(Material for the task)
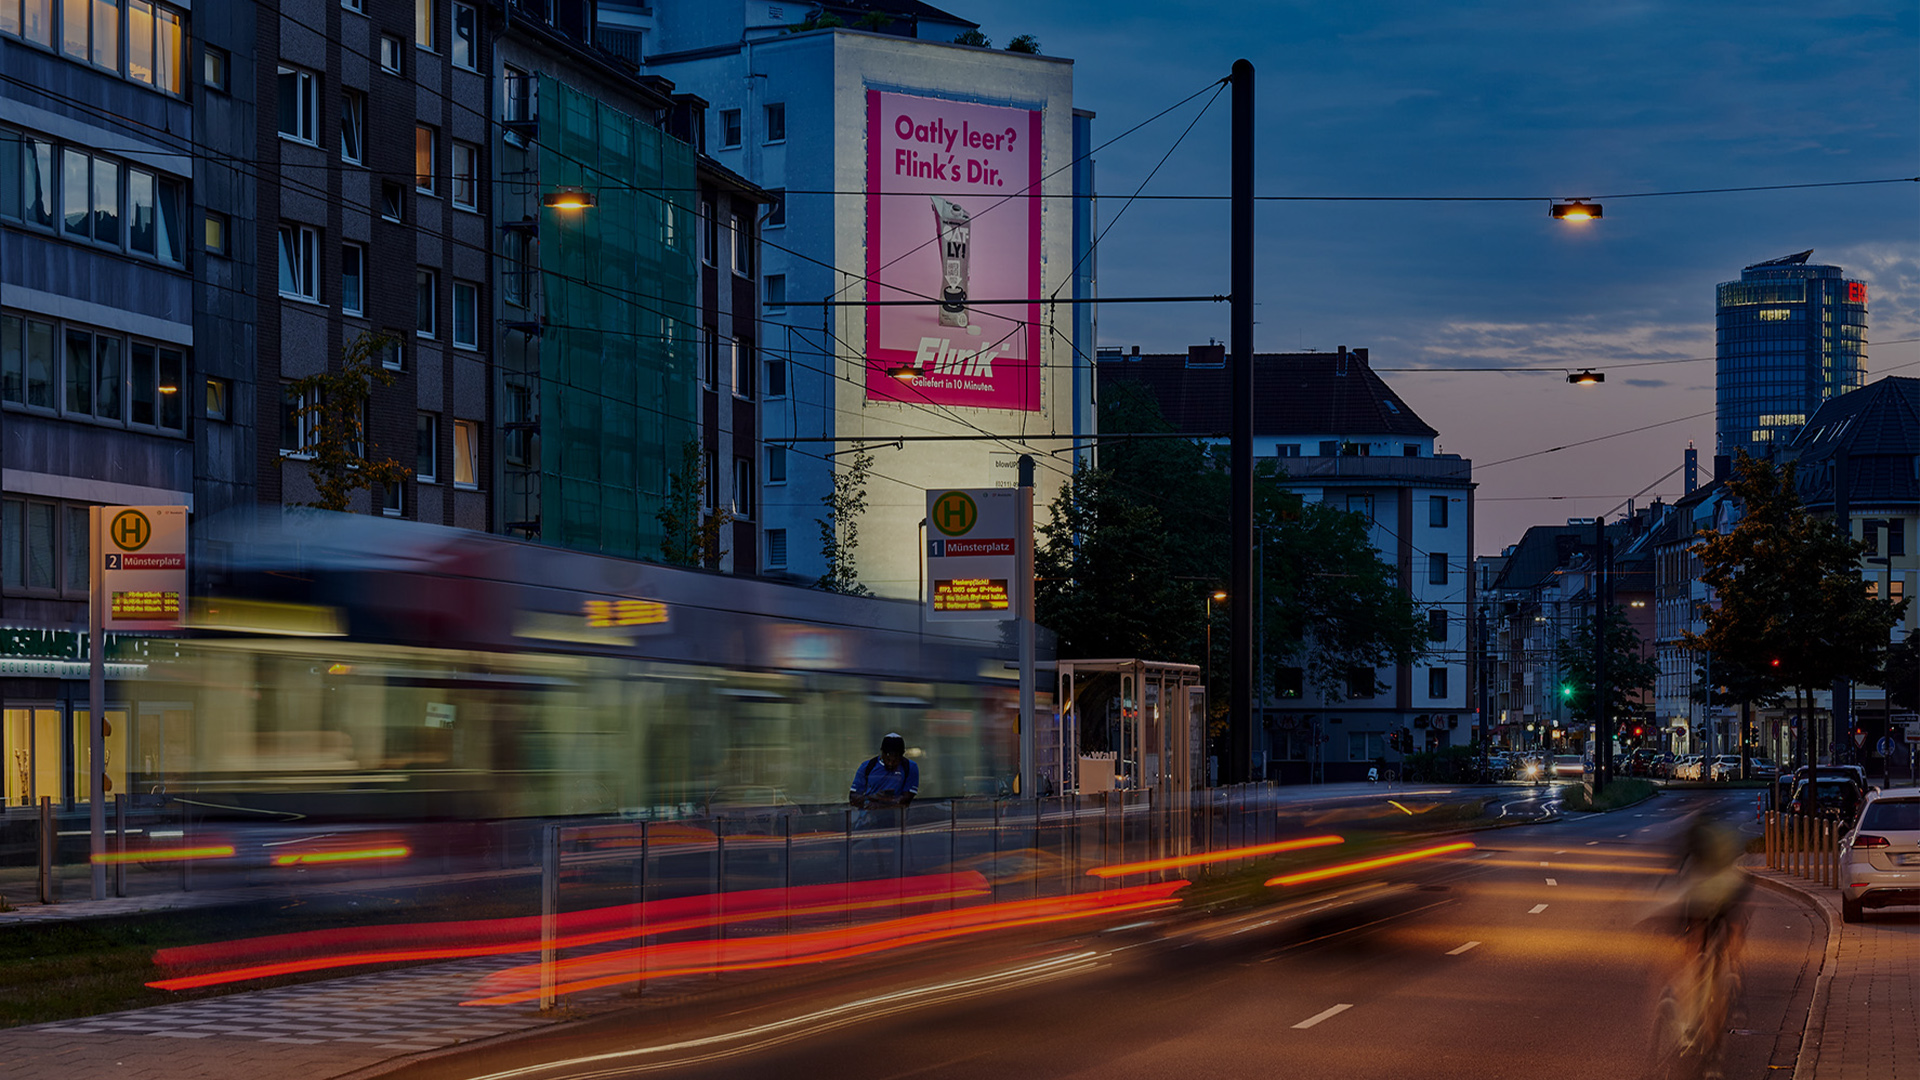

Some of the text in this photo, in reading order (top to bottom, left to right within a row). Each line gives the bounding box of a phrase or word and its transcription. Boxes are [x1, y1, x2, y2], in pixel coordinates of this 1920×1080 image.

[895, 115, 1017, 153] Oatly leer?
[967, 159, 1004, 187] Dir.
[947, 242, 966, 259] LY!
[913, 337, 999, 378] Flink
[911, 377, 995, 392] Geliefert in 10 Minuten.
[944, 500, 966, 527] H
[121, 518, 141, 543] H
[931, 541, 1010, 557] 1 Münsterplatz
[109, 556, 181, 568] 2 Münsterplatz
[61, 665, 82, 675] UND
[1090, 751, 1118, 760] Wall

(Try it) Give back the material exactly as written, images excluded.

(Output)
Some of the text in this photo, in reading order (top to bottom, left to right within a row). Each line gives the bounding box of a phrase or word and its transcription. Boxes are [x1, y1, x2, y2], in pixel coordinates of this 1920×1080 image.

[895, 115, 1017, 153] Oatly leer?
[967, 159, 1004, 187] Dir.
[947, 242, 966, 259] LY!
[913, 337, 999, 378] Flink
[911, 377, 995, 392] Geliefert in 10 Minuten.
[944, 500, 966, 527] H
[121, 518, 141, 543] H
[931, 541, 1010, 557] 1 Münsterplatz
[109, 556, 181, 568] 2 Münsterplatz
[61, 665, 82, 675] UND
[1090, 751, 1118, 760] Wall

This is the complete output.